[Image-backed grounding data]
++++++++++

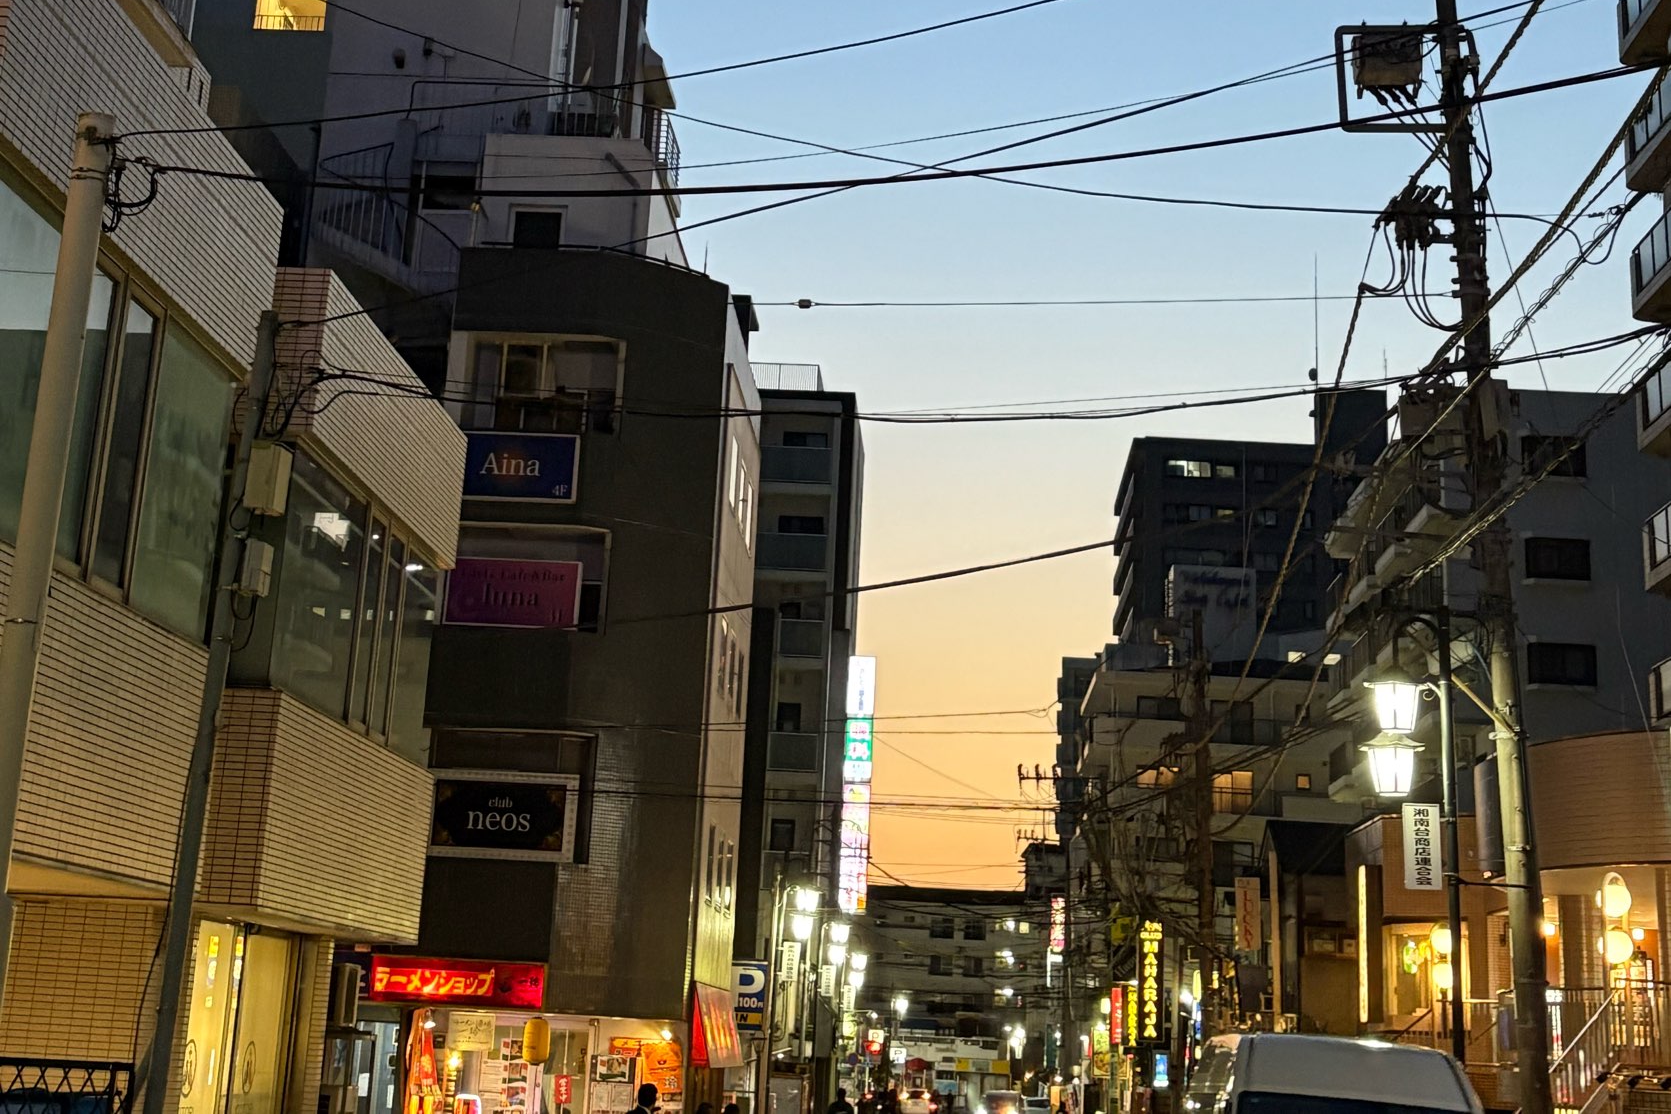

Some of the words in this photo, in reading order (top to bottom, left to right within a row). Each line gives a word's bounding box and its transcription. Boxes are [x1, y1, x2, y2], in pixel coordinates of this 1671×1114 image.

[480, 452, 541, 477] Aina
[552, 484, 568, 497] 4F
[488, 796, 513, 808] club
[467, 810, 531, 832] neos
[1413, 808, 1432, 886] 湘南台商店連合会
[375, 966, 495, 996] ラーメンショップ
[732, 967, 765, 1007] P
[1143, 941, 1159, 1038] MAHARAJA
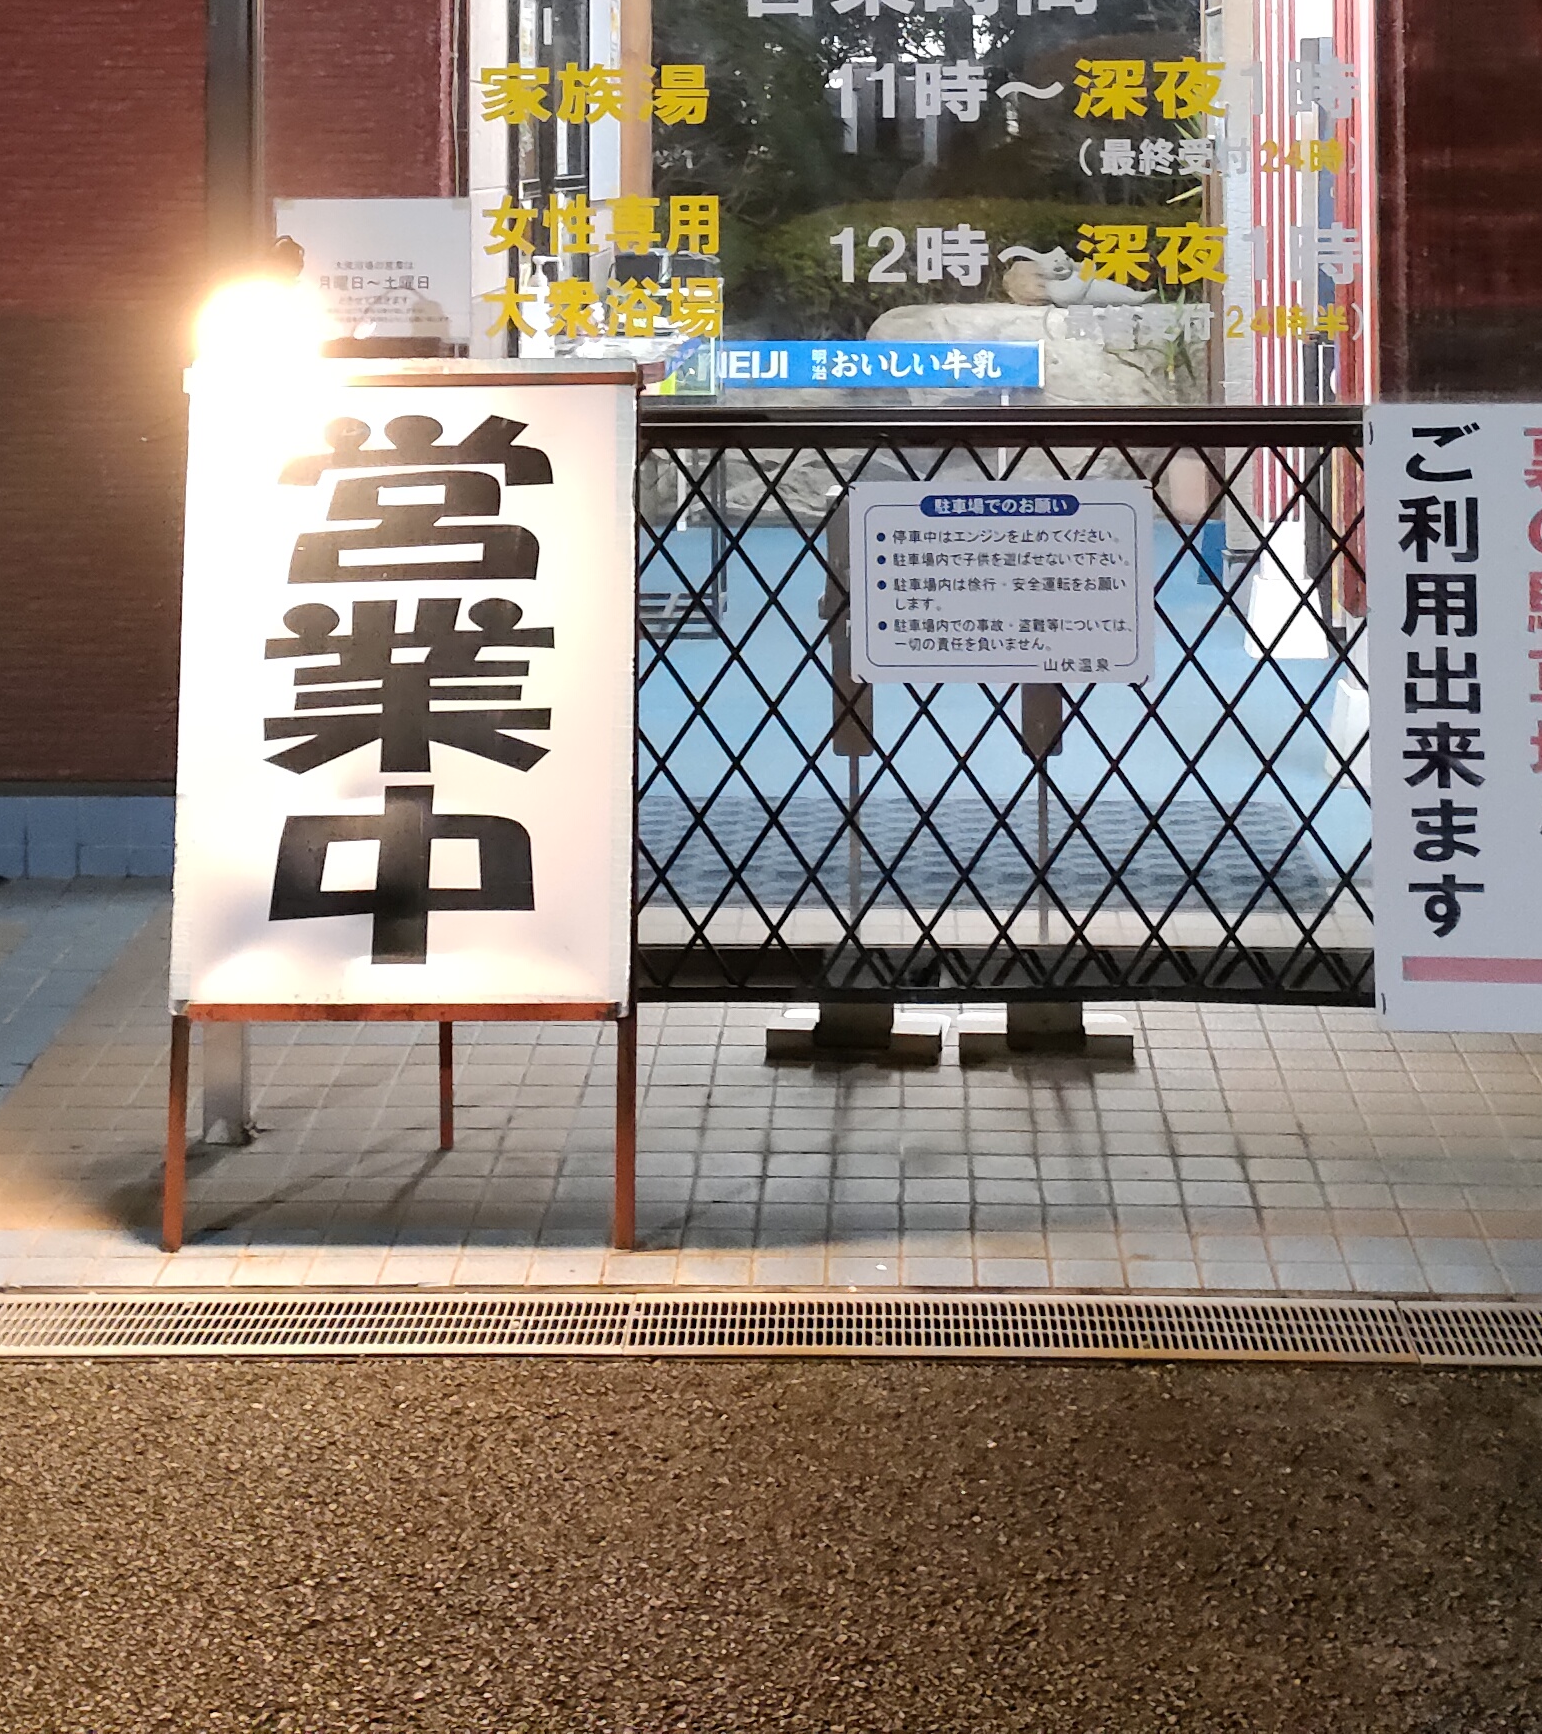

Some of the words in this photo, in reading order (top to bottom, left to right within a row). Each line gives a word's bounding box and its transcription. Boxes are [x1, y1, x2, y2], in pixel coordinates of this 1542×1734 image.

[481, 62, 711, 126] 家族湯
[482, 193, 722, 257] 女性専用
[482, 277, 724, 340] 大衆浴場
[1042, 302, 1364, 342] （最付24時半）
[811, 349, 827, 381] 明治
[831, 349, 1002, 380] おいしい牛乳
[933, 496, 1068, 515] 駐車場でのお願い
[891, 529, 1121, 545] 停車中はエンジンを止めてください。
[895, 596, 943, 613] します。
[1042, 657, 1112, 673] 山伏温泉
[1397, 421, 1486, 938] ご利用出来ます
[262, 413, 556, 965] 営業中
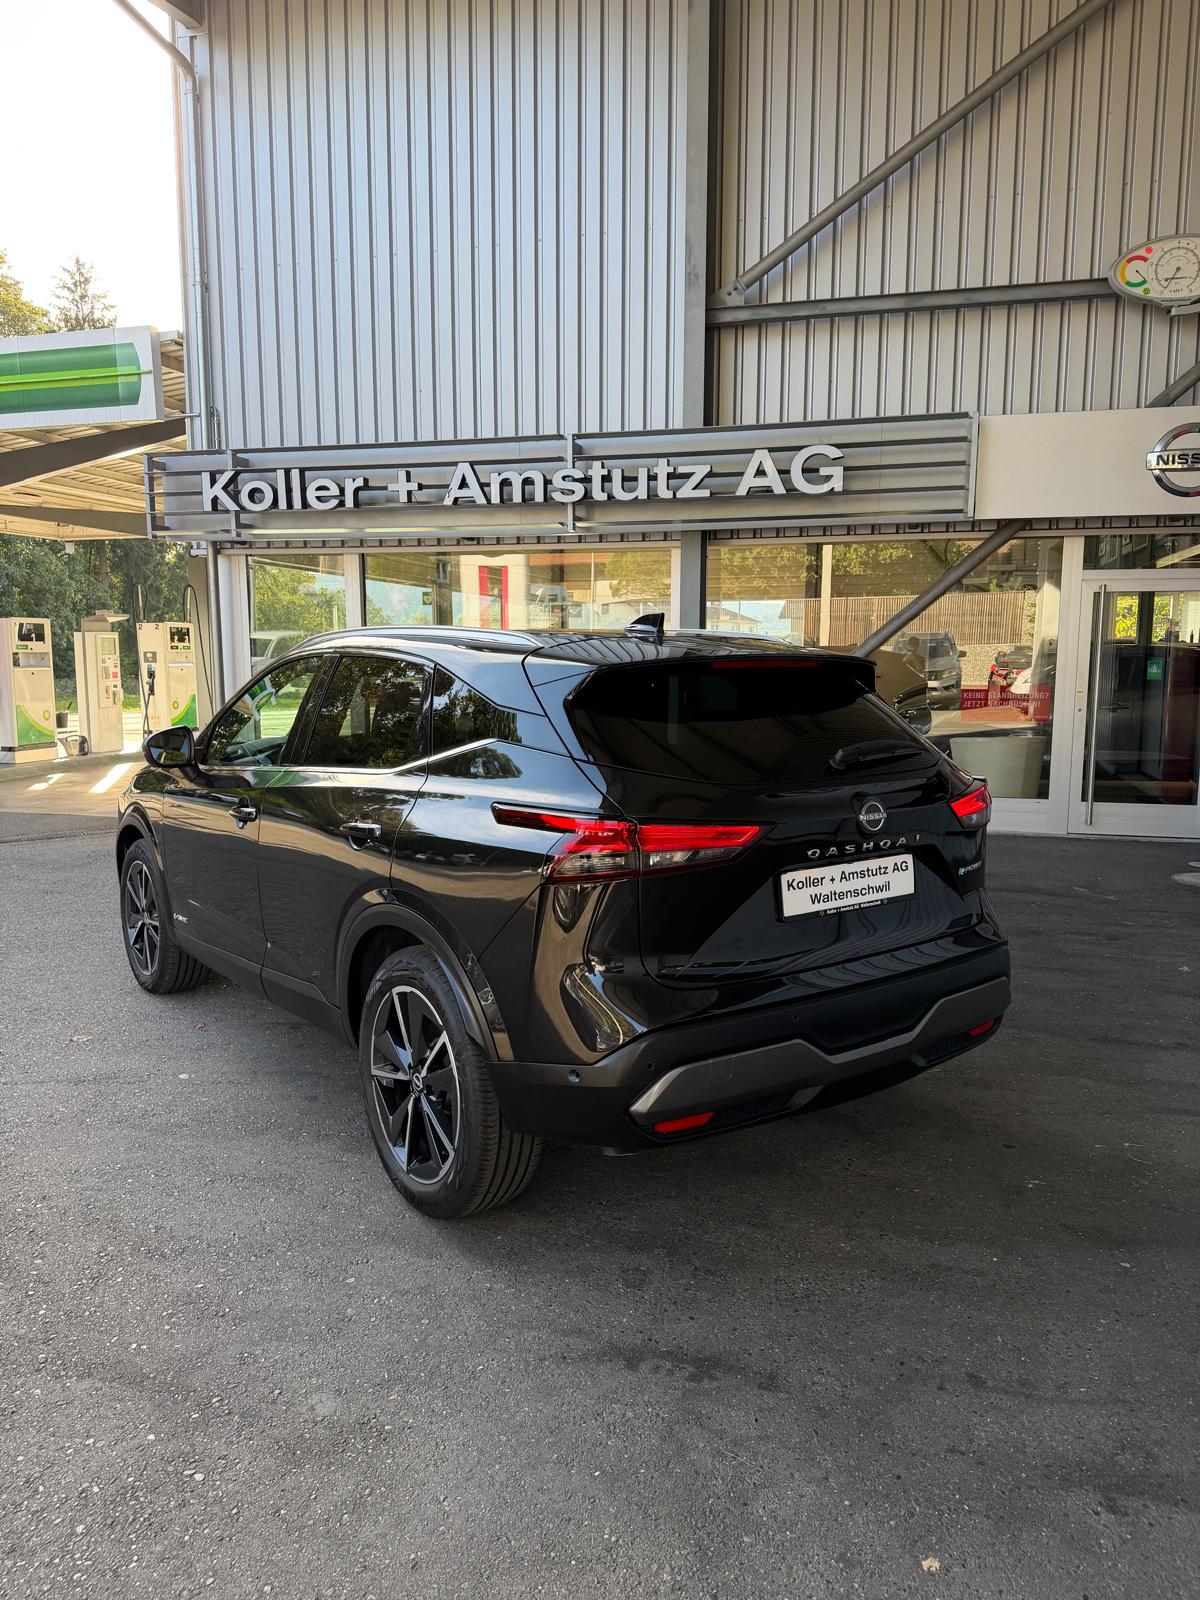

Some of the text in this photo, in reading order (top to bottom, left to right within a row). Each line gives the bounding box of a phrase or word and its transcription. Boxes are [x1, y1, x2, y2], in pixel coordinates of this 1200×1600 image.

[1156, 453, 1200, 466] NISS
[201, 444, 845, 511] Koller + Amstutz AG
[860, 812, 887, 821] NISSAN
[807, 834, 920, 859] QASHQAI
[786, 860, 909, 892] Koller + Amstutz AG
[809, 880, 891, 905] Waltenschwil

++++++++++

You are asked to reproduce each line above exactly, but to exclude the pictures.

Some of the words in this photo, in reading order (top to bottom, left to right within a row). Each line gives a word's bounding box and its transcription. Boxes are [x1, y1, x2, y2], in pixel coordinates of this 1671×1114 image.

[480, 452, 541, 477] Aina
[552, 484, 568, 497] 4F
[488, 796, 513, 808] club
[467, 810, 531, 832] neos
[1413, 808, 1432, 886] 湘南台商店連合会
[375, 966, 495, 996] ラーメンショップ
[732, 967, 765, 1007] P
[1143, 941, 1159, 1038] MAHARAJA

Some of the words in this photo, in reading order (top to bottom, left to right within a row). Each line gives a word's bounding box and its transcription. Boxes are [x1, y1, x2, y2], in pixel coordinates of this 1542×1734 image.

[481, 62, 711, 126] 家族湯
[482, 193, 722, 257] 女性専用
[482, 277, 724, 340] 大衆浴場
[1042, 302, 1364, 342] （最付24時半）
[811, 349, 827, 381] 明治
[831, 349, 1002, 380] おいしい牛乳
[933, 496, 1068, 515] 駐車場でのお願い
[891, 529, 1121, 545] 停車中はエンジンを止めてください。
[895, 596, 943, 613] します。
[1042, 657, 1112, 673] 山伏温泉
[1397, 421, 1486, 938] ご利用出来ます
[262, 413, 556, 965] 営業中

Some of the text in this photo, in reading order (top to bottom, left to right within a row). Each line gives the bounding box of a phrase or word and its transcription. Boxes are [x1, y1, x2, y2], in pixel coordinates of this 1200×1600 image.

[1156, 453, 1200, 466] NISS
[201, 444, 845, 511] Koller + Amstutz AG
[860, 812, 887, 821] NISSAN
[807, 834, 920, 859] QASHQAI
[786, 860, 909, 892] Koller + Amstutz AG
[809, 880, 891, 905] Waltenschwil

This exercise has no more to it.